Das Blaue Pferd

1911 zeichnete Franz Marc in sein Skizzenbuch Nr. XXIV eine etwa postkartengroße Bleistiftzeichnung mit dem Titel „Junges Pferd in Berglandschaft“, die bereits die Bildkomposition des späteren Gemäldes zeigt. Noch in demselben Jahr übertrug er die Skizze detailgetreu in ein großes Ölgemälde.

Die blaue Farbe steht in der Farbtheorie Marcs und des Blauen Reiters für das geistige Prinzip. Nach dem Kunsthistoriker und Marc-Spezialisten Klaus Lankheit dringt Marc mit diesem Bild endgültig von der natürlichen „Erscheinungsfarbe“, wie er sie beispielsweise noch in seinem 1910 entstandenen Gemälde Weidende Pferde I und auch noch in dem bereits ein in blau gemaltes Pferd zeigenden Gemälde Pferde auf der Weide aus demselben Jahr verwendet hatte, zur „Wesensfarbe“ vor.

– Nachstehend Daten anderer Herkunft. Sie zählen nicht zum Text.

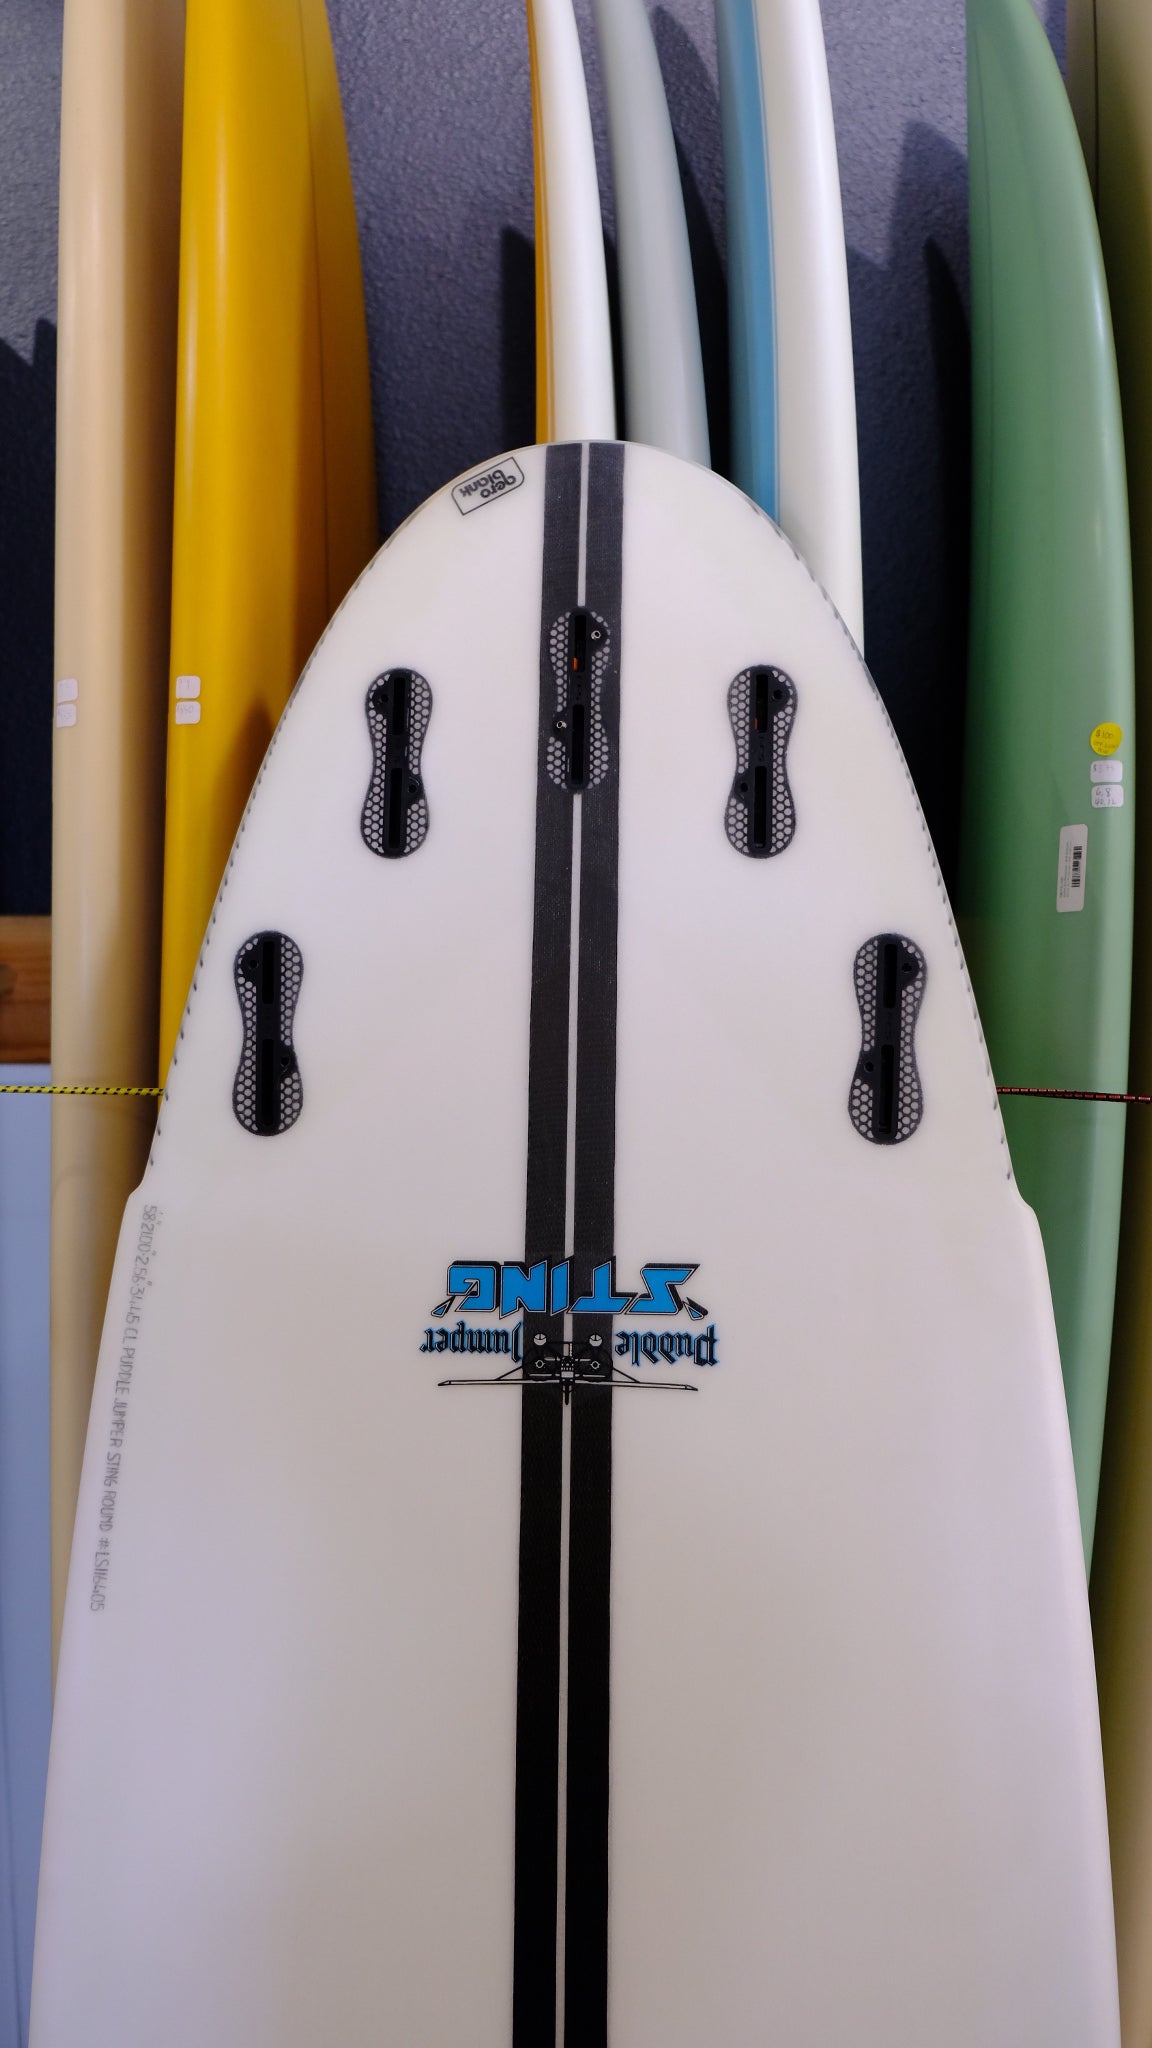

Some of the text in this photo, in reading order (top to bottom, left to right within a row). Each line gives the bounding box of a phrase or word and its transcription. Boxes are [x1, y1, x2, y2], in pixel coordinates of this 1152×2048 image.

[459, 469, 508, 498] blank
[480, 475, 517, 499] aero
[122, 1327, 138, 1345] CL
[419, 1320, 720, 1367] Puddle Jumper
[115, 1347, 136, 1396] PUDDLE
[109, 1397, 128, 1448] JUMPER
[103, 1452, 122, 1487] STING
[99, 1490, 117, 1532] ROUND
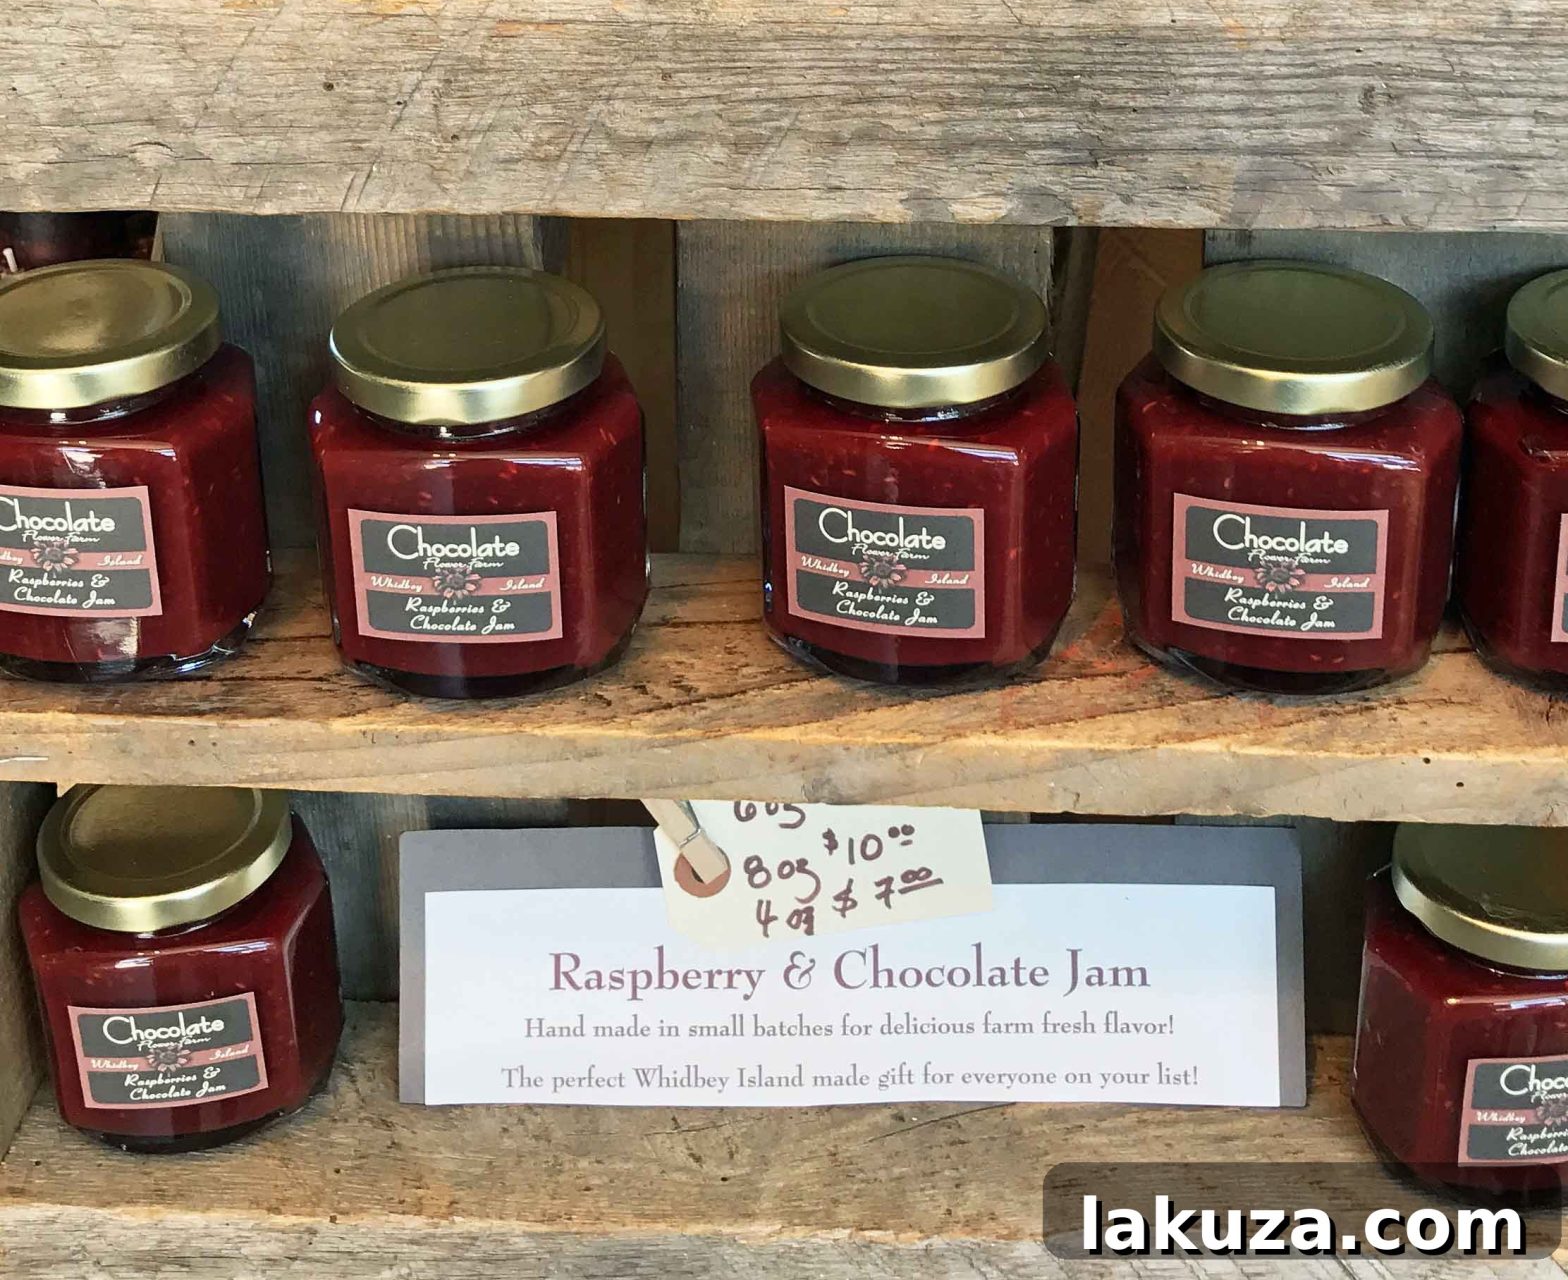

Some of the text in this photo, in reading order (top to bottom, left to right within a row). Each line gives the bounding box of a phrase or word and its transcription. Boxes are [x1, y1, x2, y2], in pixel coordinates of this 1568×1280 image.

[22, 530, 100, 544] Flower Farm
[819, 507, 946, 550] Chocolate
[1213, 514, 1348, 554] Chocolate
[387, 525, 520, 560] Chocolate
[851, 543, 930, 560] Flower Farm
[97, 555, 142, 566] Island
[423, 557, 504, 569] Flower Farm
[1248, 549, 1331, 565] Flower Farm
[9, 569, 110, 588] Raspberries &
[801, 556, 969, 585] Whidbey Island
[1191, 564, 1370, 588] Whidbey Island
[371, 576, 544, 592] Whidbey Island
[832, 581, 934, 605] Raspberries &
[14, 587, 115, 608] Chocolate Jam
[405, 598, 511, 615] Raspberries &
[1224, 588, 1334, 610] Raspberries &
[836, 600, 937, 625] Chocolate Jam
[1228, 606, 1336, 631] Chocolate Jam
[410, 615, 515, 634] Chocolate Jam
[548, 942, 1151, 1001] Raspberry & Chocolate Jam
[103, 1012, 224, 1044] Chocolate
[525, 1011, 1174, 1038] Hand made in small batches for delicious farm fresh flavor!
[137, 1037, 211, 1051] Flower Farm
[91, 1045, 250, 1070] Whidbey Island
[124, 1067, 221, 1088] Raspberries &
[501, 1062, 1199, 1093] The perfect Whidbey Island made gift for everyone on your list!
[130, 1081, 226, 1100] Chocolate Jam
[1476, 1112, 1525, 1123] Whidbey

Das Bild blieb zunächst unverstanden und wurde belächelt oder sogar bespuckt. Es war Bestandteil der Privatsammlung von Bernhard Koehler, der Franz Marc finanziell unterstützte und als Gegenleistung dafür Bilder des Malers erhielt. Er vererbte seine Sammlung 1927 an seinen ebenfalls Bernhard heißenden Sohn. Nach dessen Tod gelangte das Bild im Rahmen der Bernhard-Koehler-Stiftung 1965 durch Schenkung an die Städtische Galerie im Lenbachhaus und wurde dort ausgestellt. Dadurch erlangte es erst eine größere Bekanntheit. Mittlerweile gehört es als beliebtes Poster- und Postkartenmotiv zu den am häufigsten reproduzierten Gemälden der jüngeren Kunstgeschichte.